It is evident that if the Board's position is correct, it would be supervising and in a sense "interfering" with the City's sewer and its operation. It is contended by the Board however, that because the constitutional restriction upon interference with activities of the City above referred to, speaks of "municipal improvements" and "municipal functions" it was meant only to apply to those activities of the municipality which it pursues in a private or proprietary capacity. It reasons that matters concerning health and sanitation to which water pollution relates are of a purely governmental nature and are thus subject to control by the Board, even if it be deemed a special commission.
As both parties argue in terms of the distinction between governmental and proprietary functions in order to include or exclude the sewage disposal regulations under the constitutional provision, it is appropriate to inquire into the meaning of the word "municipal" as there used. The cases in which such distinctions are made are usually concerned with tort liability. It is generally recognized that because the municipality acts in a somewhat dual capacity on the one hand as a subdivision of the state exercising governmental powers, and on the other, engaging in activities similar to those of a private corporation the sovereign immunity of the state extends to the municipality only when it is acting in a governmental capacity, whereas it is responsible for negligence in connection with any proprietary activity.[10] In that context, the term "municipal function" has sometimes been used as a synonym for private or proprietary function,[11] and it has sometimes been held that the operation of sewer and water works systems is a proprietary rather than a governmental activity and the city is liable for negligence in such operations.[12]
Where this distinction has been made the basis for interpreting constitutional provisions similar to our own,[13] the cases lack uniformity in its application. Some have held that the constitutional provision safeguards the City's action insofar as the function is proprietary,[14] but in others it is persuasively argued that if such distinction is to be made at all it should have just the opposite effect: That is, that it would be more logical that the framers intended the cities to have freedom in their governmental activities.[15] The lack of any consistency of results reached in applying the tort liability cases to the instant problem makes plain that the tests there employed[16] have no particular relevancy on the question here involved as to whether a special commission can supervise "municipal" activities of the City. We can see no reason why the framers of the Constitution would have intended to decree that no special commission could supervise the City with respect to any proprietary activity, such as a public bathhouse, but have intended that it might be subjected to supervision with respect to its more important functions of a governmental nature such as the operation of a fire department.[17] It is to be kept in mind that the very purpose of Section 29, Article VI, hereinabove quoted, prohibiting the delegation of powers of supervision to any "special commission" over cities was to insure, insofar as practicable, the powers to cities and towns to manage their own internal affairs, as previously articulated by this court, "To hold inviolate the right of local self-government * * * with respect to municipal improvements."[18]

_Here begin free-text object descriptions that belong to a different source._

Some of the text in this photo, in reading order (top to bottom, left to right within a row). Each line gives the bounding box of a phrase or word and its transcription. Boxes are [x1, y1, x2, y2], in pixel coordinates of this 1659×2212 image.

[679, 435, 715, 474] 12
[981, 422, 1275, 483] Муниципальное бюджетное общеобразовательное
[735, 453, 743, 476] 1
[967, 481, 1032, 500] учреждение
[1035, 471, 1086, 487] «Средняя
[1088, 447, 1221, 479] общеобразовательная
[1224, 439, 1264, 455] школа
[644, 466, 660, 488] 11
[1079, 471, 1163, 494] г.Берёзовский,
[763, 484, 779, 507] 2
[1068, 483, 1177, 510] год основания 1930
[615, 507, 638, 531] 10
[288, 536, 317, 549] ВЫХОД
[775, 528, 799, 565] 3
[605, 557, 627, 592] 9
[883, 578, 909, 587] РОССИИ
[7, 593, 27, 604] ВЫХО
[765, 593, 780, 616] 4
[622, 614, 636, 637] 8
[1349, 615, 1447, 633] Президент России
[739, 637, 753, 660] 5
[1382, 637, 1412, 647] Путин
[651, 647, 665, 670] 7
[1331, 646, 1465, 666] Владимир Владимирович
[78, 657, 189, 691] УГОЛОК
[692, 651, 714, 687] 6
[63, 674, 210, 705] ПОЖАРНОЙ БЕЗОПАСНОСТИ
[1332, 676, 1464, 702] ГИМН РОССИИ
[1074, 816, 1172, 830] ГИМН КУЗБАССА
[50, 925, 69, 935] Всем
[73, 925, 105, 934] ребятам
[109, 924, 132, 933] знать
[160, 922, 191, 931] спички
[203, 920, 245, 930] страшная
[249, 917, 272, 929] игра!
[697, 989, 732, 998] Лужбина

If the constitutional provision was intended to assure the City freedom from outside supervision and control, it most certainly seems that it must be with respect to their primary and essential functions. Considering this purpose, it does not seem open to question that in the context of the constitutional provision here under consideration the term "municipal" as used in connection with municipal improvement and municipal function, was used in its broad sense and would include any activity properly engaged in by the city or municipality, whether governmental or proprietary. Sewage disposal is a function which is almost invariably left to cities to perform, and our statutes specifically grant them the power to "construct, reconstruct, maintain and operate, sewer systems, sewage treatment plants, culverts, drains, sewers, catch basins, manholes, cesspools and all systems, equipment and facilities necessary to the proper drainage, sewage and sanitary sewage disposal requirements of the city or town and regulate the construction and use thereof."[19] It is therefore so patent as to hardly require demonstration that the maintenance of a sewerage disposal system is a proper function of the city.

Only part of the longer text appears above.